U. fait son entrée avec un ATARI 520 ST. On jouait aux simulateurs de vol et à Gauntlet. On se moquait aussi de lui parce qu’il avait une amourette avec la première de la classe. Je me rappelle avoir passé une après-midi de juin en compagnie de D. et de J. à les suivre discrètement pendant un de leurs rendez-vous. L’ordinateur appartenait au père, un militaire de carrière. D’où les simulateurs de vol. D. a eu une NES. Jalousie : puisque je n’étais plus l’initiateur je devais condamner. Je le regardais jouer à Megaman 2, Duck Hunt, Super Mario Bros et TMHT avec une indifférence feinte.

Echange dans la cour; grand jeu du troc universel : swap Pannini et insert disquettes. Je me faisais moins arnaquer. Je n’étais pas une fille.

Boss stage

1942, 3 D Pools, Astro Marine Corps, After The War, L’Aigle d’Or, Arkanoïd, Bad Dudes Vs Dragon Ninja, Barbarian, Batman, Beach Head, Billy la Banlieue, Bloodwych, Bomb Jack, Boulder Dash, Bubble Bobble, Captain Blood, Cauldron, Great Courts, Chase HQ, , Crazy Cars II, Dan Dare III, Defender Of The Crown, Deflector, Dragon Spirit, Fighter Bomber, Fire and Forget, Forgotten Worlds, Fruity Frank, Electro Freddy, Emilio Buitragueno Football, Exolon, Gauntlet, Ghosts’n’Goblins, Ghouls’n’Ghosts, Golden Axe, Grand Prix 500 cc, Gryzor, Karateka, Ikari Warriors, Les Incorruptibles, Iron Lord, Italy 1990, Hate, Karnov, Kick Off, Killerball, Knight Force, Macadam Bumper, Navy Moves, New Zealand Story, Nord et Sud, Operation Wolf, Pang, Paperboy, P-47 Freedom Fighter, Pick’n’Pile, Pipe Mania, Pirates, Prince Of Persia, Prohibition, Rainbow Island, Rambo 3, Rampage, Rastan, Renegade, Rick Dangerous, Robocop, Savage, Skweek, Solomon’s Key, Sorcery +, Sram, Stunt Car Racer, Targhan, TMHT, Terres et Conquérants, Titan, Total Eclipse, Trailblazer, Turrican, WEC Le Mans

Level 3

386 DX 25 Mhz pour récompenser le bon élève qui a bossé pour remporter la gloire d’un concours local de bétail d’élevage fort en thème. Fin de la pure rêverie onaniste devant Joypad, , je consomme dans ma chambre.

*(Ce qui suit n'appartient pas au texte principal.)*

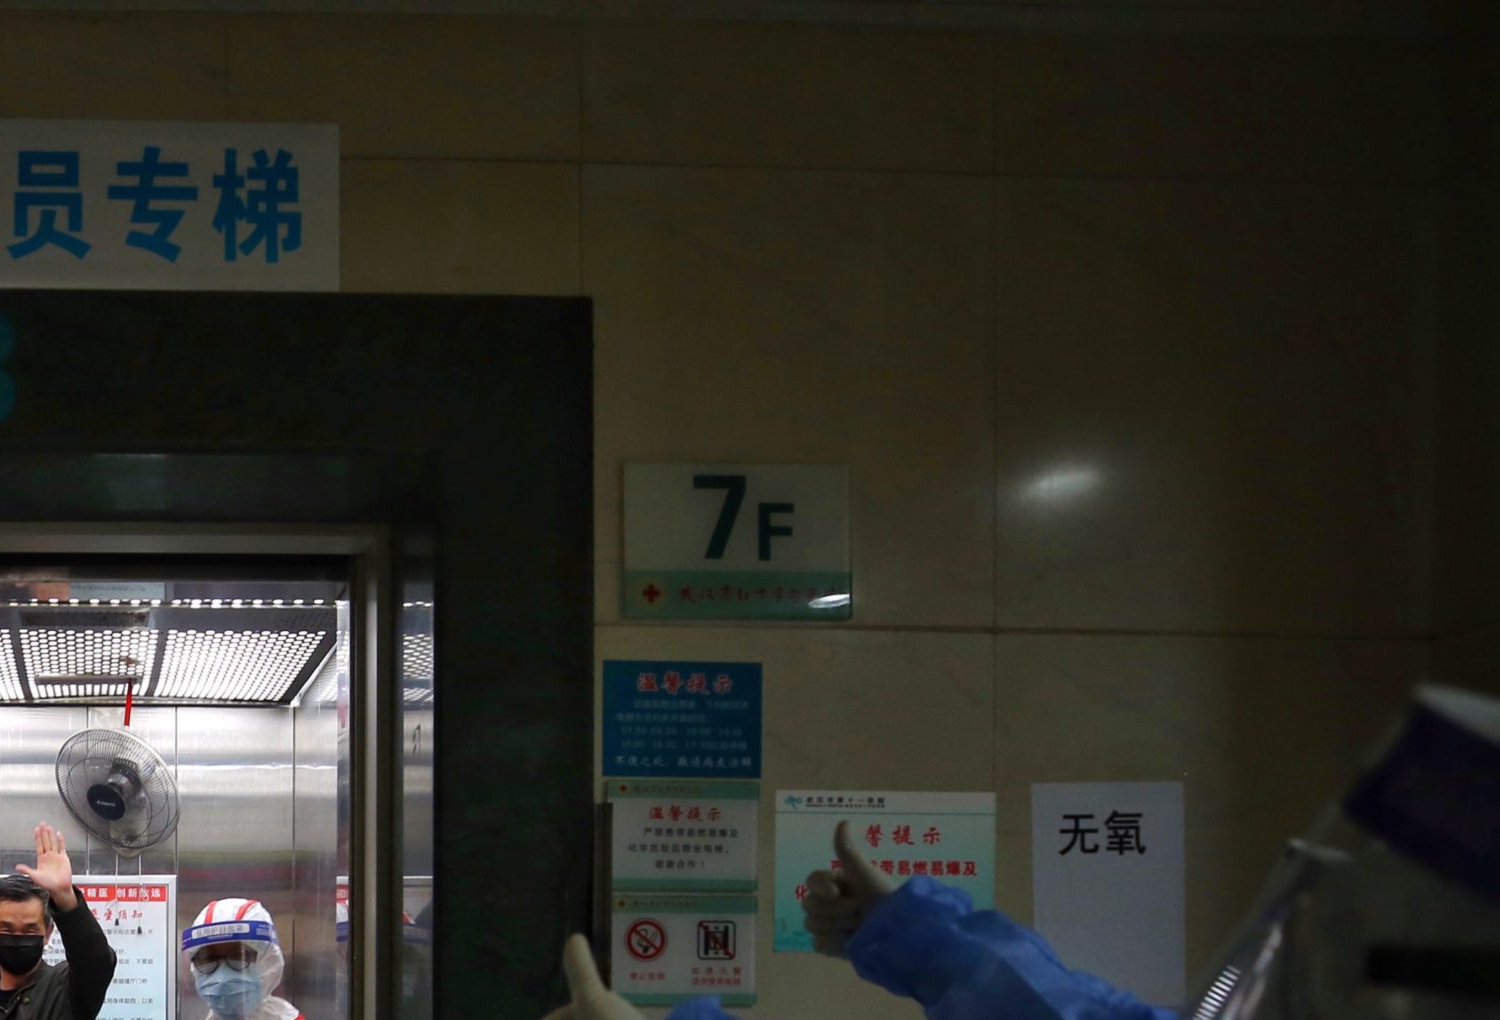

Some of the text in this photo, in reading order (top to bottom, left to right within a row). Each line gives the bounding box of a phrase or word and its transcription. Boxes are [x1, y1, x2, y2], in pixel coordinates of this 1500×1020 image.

wing-commanderWe Create Worlds

Je pouvais tomber plus mal, Wing Commander venait de sortir.

Me voici pilote du futur, les stores baissés ; je suis décollé de la réalité. En jouant, je vis une expérience. Ca s’ouvre devant moi par la grâce expresse du silicone chaud et d’un écran de 14 pouces VGA 256 couleurs. Extérieurement, peut-être que je dépéris, taciturne en société. La réalité n’est pas à la hauteur de mon héroïsme. Je suis l’Avatar. Je suis aussi pilote de chasse, de formule 1, empereur, tout ce qui s’offre à mon regard avide dans le cadre de l’écran. J’en profite pour apprendre l’anglais en me brûlant les yeux. La nuit, avant de m’endormir, je trace des projets de jeux vidéo. La Guilde des Aventureux, aurait été une série de jeu de rôle à succès; je rêvasse à des scènes égalant un dessin animé, je suis le méconnu précurseur des Final Fantasy modernes. Je rêve aussi à des ordinateurs et à des processeurs, sombres métaphores de je ne sais quoi. J’aime perdre mon temps.

La partie farouche de mon caractère se tempère grâce au jeu de rôle, et aux copains que je rencontre.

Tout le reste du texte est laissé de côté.